Japan To Bring Crypto Under Insider Trading Rules, Cut Tax Burden: Report

Japan is preparing a major reset of its crypto rulebook, moving to treat digital assets as financial products subject to insider trading laws and to lower the tax burden on profits, the Asahi newspaper reported on Sunday.

The Financial Services Agency is drafting measures that would cover 105 cryptocurrencies listed domestically, including Bitcoin and Ethereum.

Exchanges would need to disclose core facts for each asset, such as whether there is an issuer, what technology it uses and the risk of price swings.

The plan brings market conduct rules familiar to equity traders into crypto. People with non-public information tied to issuers or exchanges would be barred from trading on material events like listings, delistings or bankruptcies before they are disclosed.

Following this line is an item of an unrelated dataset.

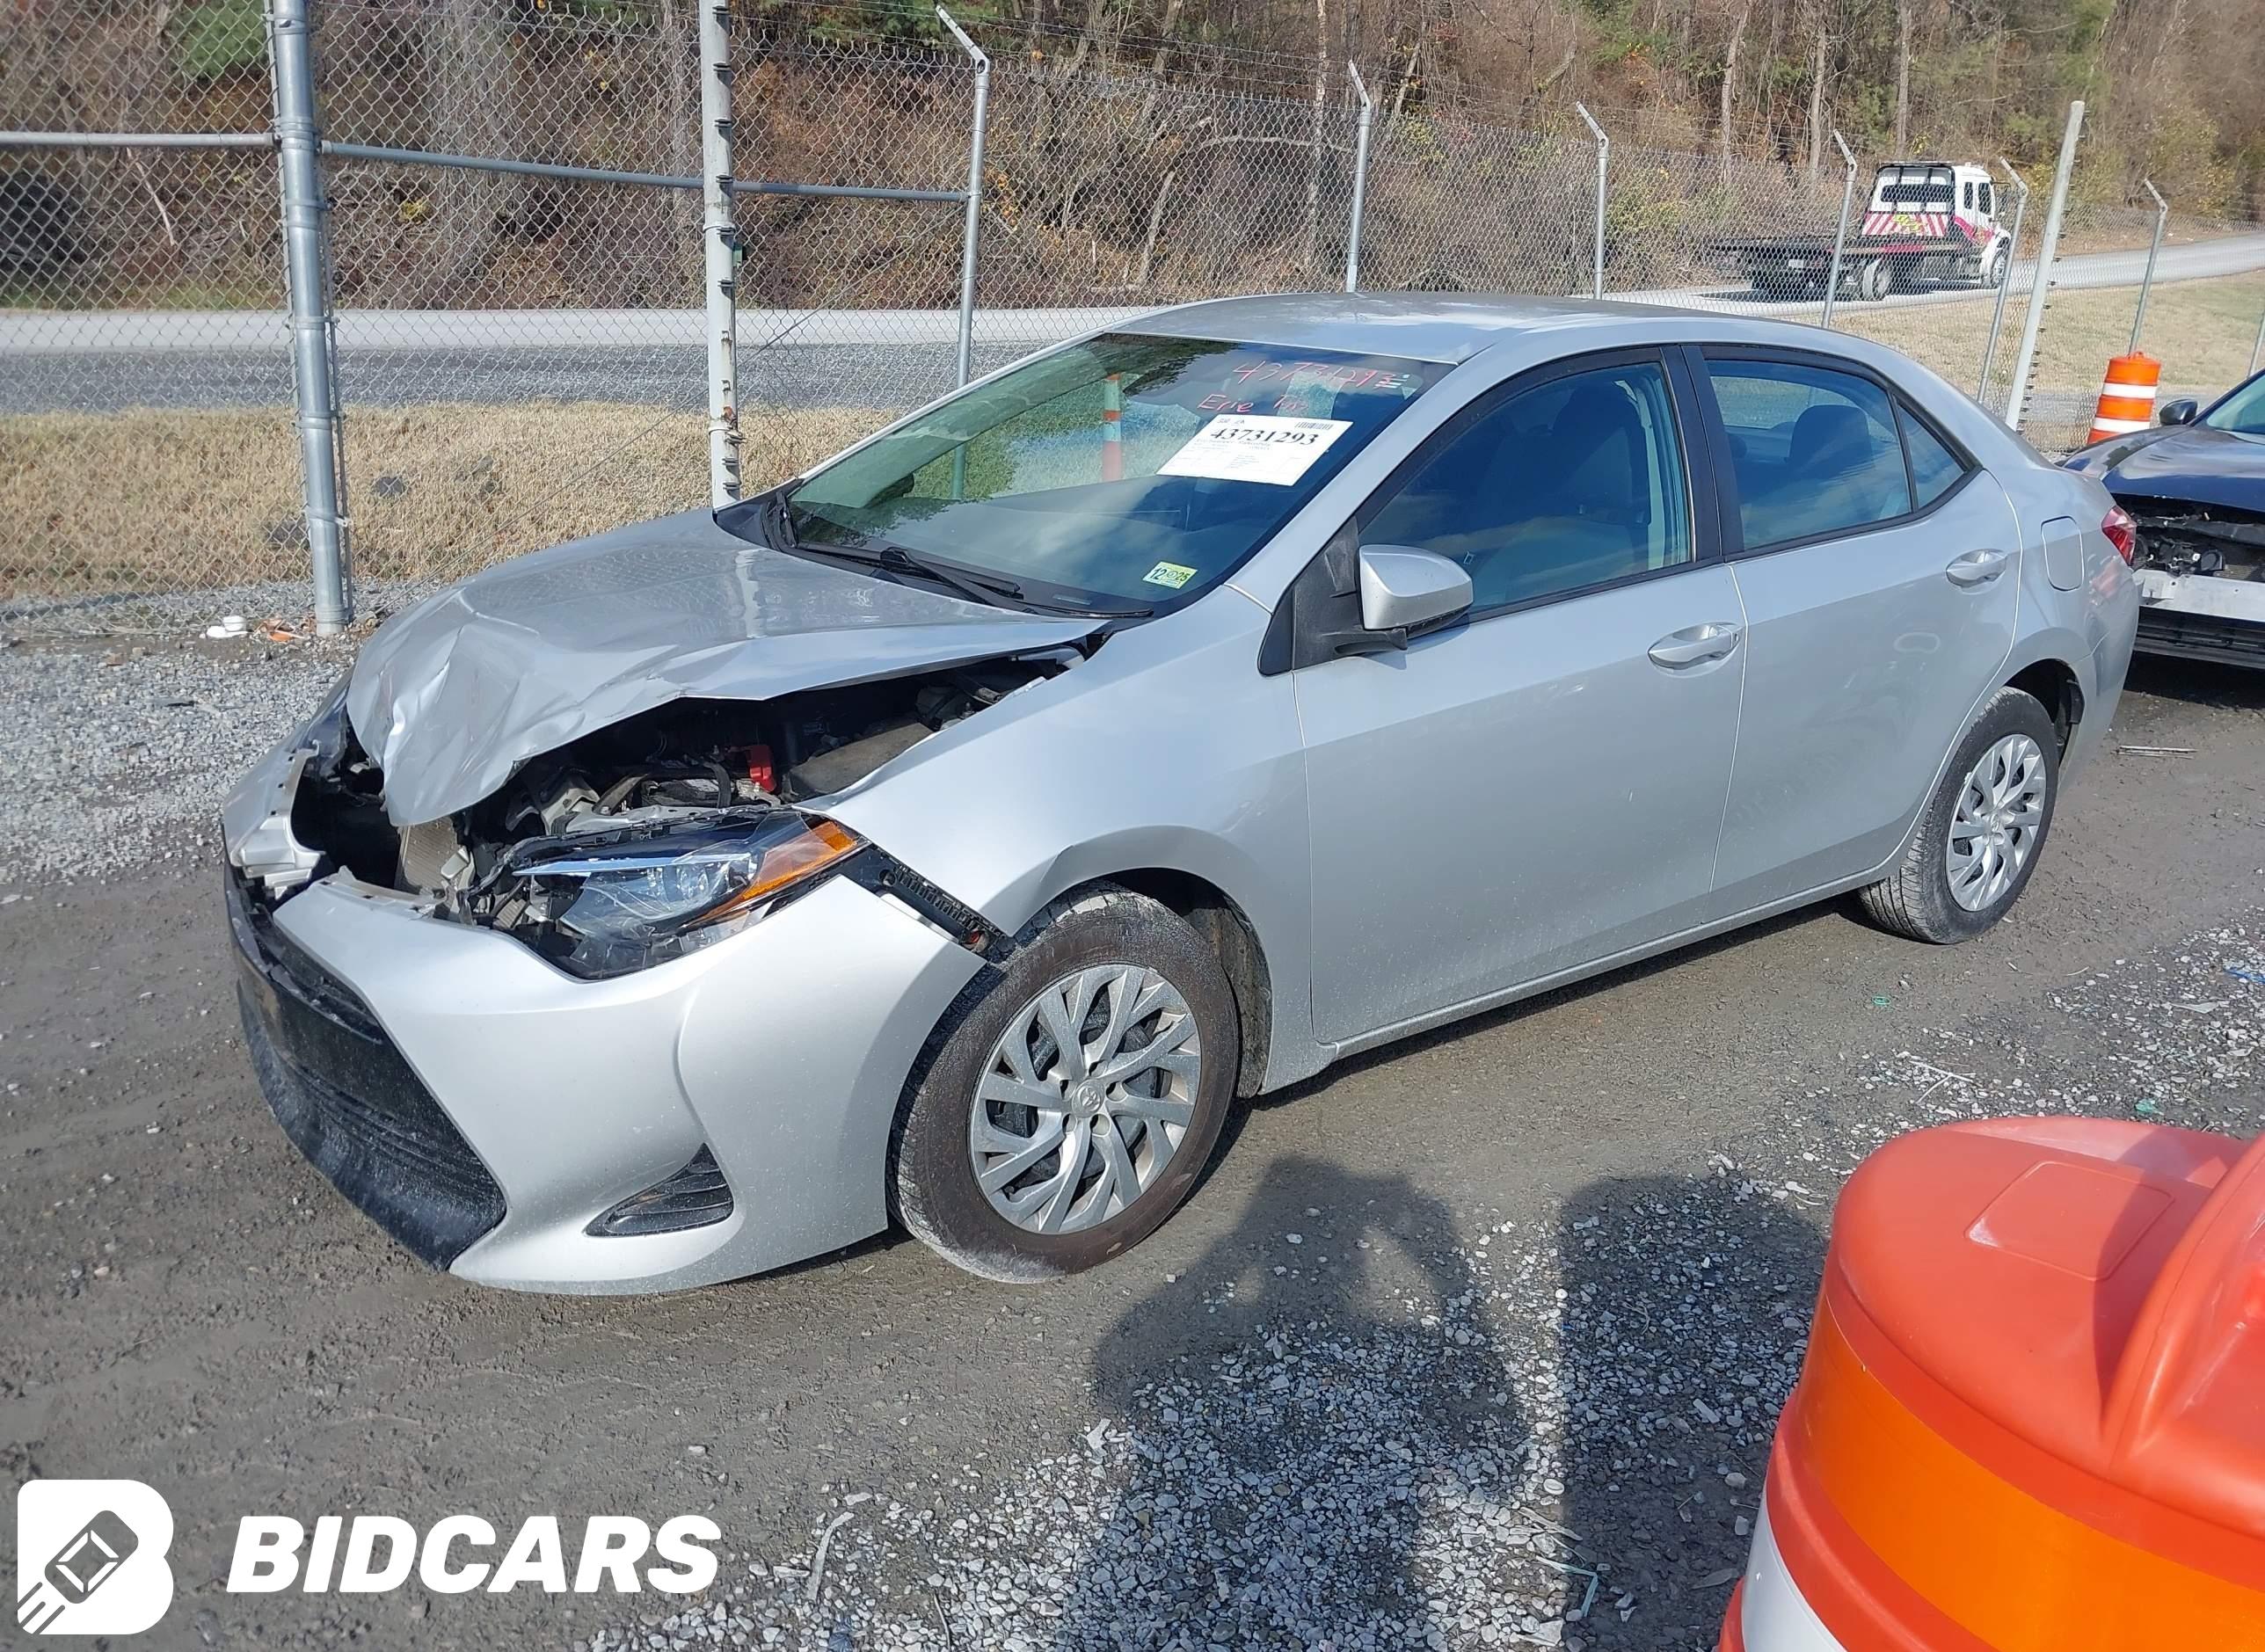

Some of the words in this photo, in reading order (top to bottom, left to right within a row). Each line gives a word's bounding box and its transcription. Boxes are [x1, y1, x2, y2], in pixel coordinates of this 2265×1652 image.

Japan Eyes 20% Flat Tax On Crypto Gains, Matching Stock Trading

Distribution would broaden as well. Banks and insurers could sell cryptocurrencies to customers through their securities subsidiaries, giving retail investors access via regulated financial channels.

Tax treatment would shift to a flat 20% on crypto gains, the same rate as stock trading, down from the current top rate of 55%. A simpler, lower rate could pull activity back onshore and reduce incentives to trade through foreign platforms.

The agency aims to submit legislation in next year’s ordinary parliamentary session, the report said.

FSA Pushes Clearer Disclosure To Strengthen Investor Confidence

Domestic venues handle 105 assets today, a small slice of the thousands that trade globally.

The FSA’s disclosure push signals a preference for depth over breadth, with clearer information for the assets that Japanese investors can buy.

Market supervision is tightening elsewhere in Tokyo. Bloomberg reported that Japan Exchange Group is weighing stricter use of backdoor listing rules and may seek fresh audits for companies shifting heavily into crypto positions.

Three listed firms have paused plans to buy digital assets after pushback, and were told their fundraising could be limited if they centered strategies on accumulating crypto.

For traders, the message is clean rules and cleaner data. A 20% rate aligns crypto with equities, insider curbs target information abuse and bank-led distribution offers regulated access.